Симплиций впервой зрит пьяных солдат,

Вздурились за чаркой, сам черт им не брат

К сему пиру (я полагаю, что такое ведется и на других) приступили совсем по христианскому обычаю; застольная молитва была прочитана в подобающей тишине и, по всей видимости, весьма благоговейно. И сие благоговейное молчание продолжалось все время, пока подавали суп и другие первые блюда, словно они заседали в конвенте капуцинов. Но едва только каждый успел три или четыре раза провозгласить: «Благослови, Бог!», как стало гораздо шумнее. Я не в силах описать, как мало-помалу голос каждого в отдельности крепчал и возвышался, но хотел бы только уподобить все совокупное общество оратору, который начинает тихонько, а под конец мечет громы. Принесли блюда, прозванные «перекуска», ибо они приправлены были пряностями и назначены как лакомство перед питием, чтобы оно тем легче проходило в глотку; item заедки, ибо они во время пития на вкус не противны, не говоря уже о всяких там французских похлебках, гишпанских холла потрида, кои все множеством различных искусных ухищрений и неисчислимых приправ такою мерою проперчены, просолены, перетерты и перемешаны и так приготовлены к питию, что через все те пряности и различные примеси приобрели совсем иную субстанцию, нежели та, что была им определена природою, так что их не мог бы распознать и сам Эней Манлий, когда только что воротился из Азии и держал при себе лучших своих поваров.

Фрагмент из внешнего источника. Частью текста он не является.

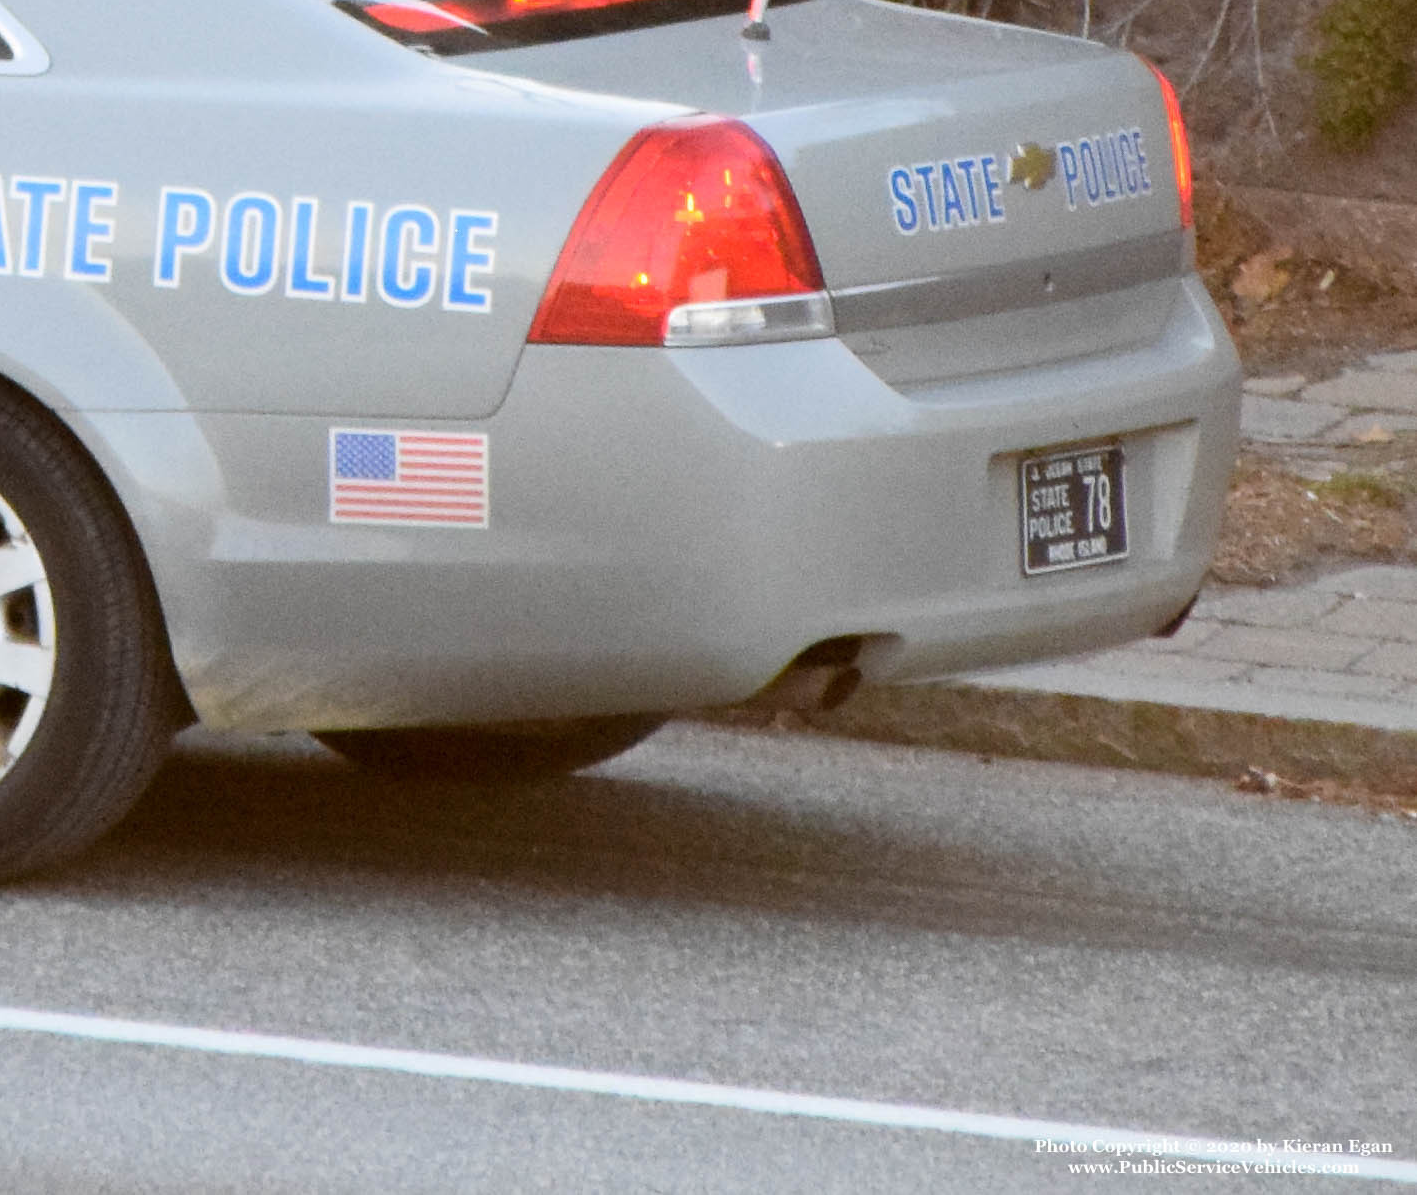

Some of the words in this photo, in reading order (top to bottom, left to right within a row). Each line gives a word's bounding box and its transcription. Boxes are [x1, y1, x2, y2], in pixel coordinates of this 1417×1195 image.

[889, 153, 1004, 235] STATE
[1057, 127, 1151, 212] POLICE
[154, 185, 498, 311] POLICE
[1029, 511, 1074, 540] POLICE
[1031, 485, 1070, 512] STATE
[1083, 473, 1111, 533] 78

Я подумал: «Разве не могут сии кушанья у человека, который ими лакомится, запивая вином (для чего, собственно, они и изготовлены), точно так же повредить чувства и разум и переменить всю его натуру, а то и превратить его в неразумного зверя?

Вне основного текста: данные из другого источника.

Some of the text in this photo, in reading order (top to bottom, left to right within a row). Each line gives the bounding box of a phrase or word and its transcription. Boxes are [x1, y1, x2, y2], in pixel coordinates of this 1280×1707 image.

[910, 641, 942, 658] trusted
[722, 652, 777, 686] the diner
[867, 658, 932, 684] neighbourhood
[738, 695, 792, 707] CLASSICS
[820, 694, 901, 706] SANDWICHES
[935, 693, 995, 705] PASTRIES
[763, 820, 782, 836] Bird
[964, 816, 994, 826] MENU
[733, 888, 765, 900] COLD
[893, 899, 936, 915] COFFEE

Кто знает, не те ли самые средства употребила Цирцея, когда обратила в свиней спутников Улисса?» Я видел, что гости на этом пиру пожирали приносимые кушанья, словно свиньи, упивались, как скоты, ломались притом, как ослы, и под конец блевали, как псы кожевника. Благородное гохгенмерское, бахерахское и клингенбергское вливали они себе в глотку преогромными стеклянными кубками, так что оно сразу же бросалось им в голову; тут было мне на что подивиться, как все переменились, а именно: самые благоразумные люди, кои незадолго перед тем в полном здравии владели всеми пятью чувствами и вели изрядную беседу, внезапно начали поступать безрассудно и вытворять пренелепейшие дурачества. Глупости, которые они отмачивали, и чарки вина, которые они осушали, становились все больше, словно там бились об заклад, кто кого перещеголяет; под конец превратилось сие ратоборство в мерзостное свинство. Не было зрелища более странного, ибо я не знал, откуда нашла на них такая дурь, понеже действие вина или опьянение мне еще вовсе было неведомо; оттого-то при самом прилежном размышлении не взошло мне на ум ничего, кроме забавных предположений и вздорных фантазий; я отлично видел их диковинные мины, однако же не знал о причине такого их состояния. До сих пор всяк с должным аппетитом выпоражнивал посуду, а когда желудки наполнились, то все пошло куда хуже, чем у возчика с тяжелой упряжью, что по ровному полю бежит резво, а в гору ни тпру ни ну. Но как только в голову им ударила дурь, то преодолели они сию невозможность, кто почерпнув кураж в вине, кто желая оказать сердечное расположение другу, а кто по немецкому чистосердечию, дабы оказать честь благородному напитку. Но как и тут долго нельзя было устоять, то пустился один заклинать другого осушить чарку за здоровье важных господ, или любезных друзей, или за его возлюбленную, отчего у иного глаза на лоб лезли и выступал холодный пот, однако ж принужден был пить. Да так, что под конец подпили превеликий шум с барабанным боем, свистом и струнною игрою и зачали палить из мушкетов, нет сомнения, для того, чтобы силою вогнать в желудки вино. Я же дивился, куда они могут все поместить, ибо не знал еще, что не успеет оно у них как следует согреться, как с превеликими муками извергается из того же самого места, куда они его незадолго до того влили с крайнею опасностию для своего здравия.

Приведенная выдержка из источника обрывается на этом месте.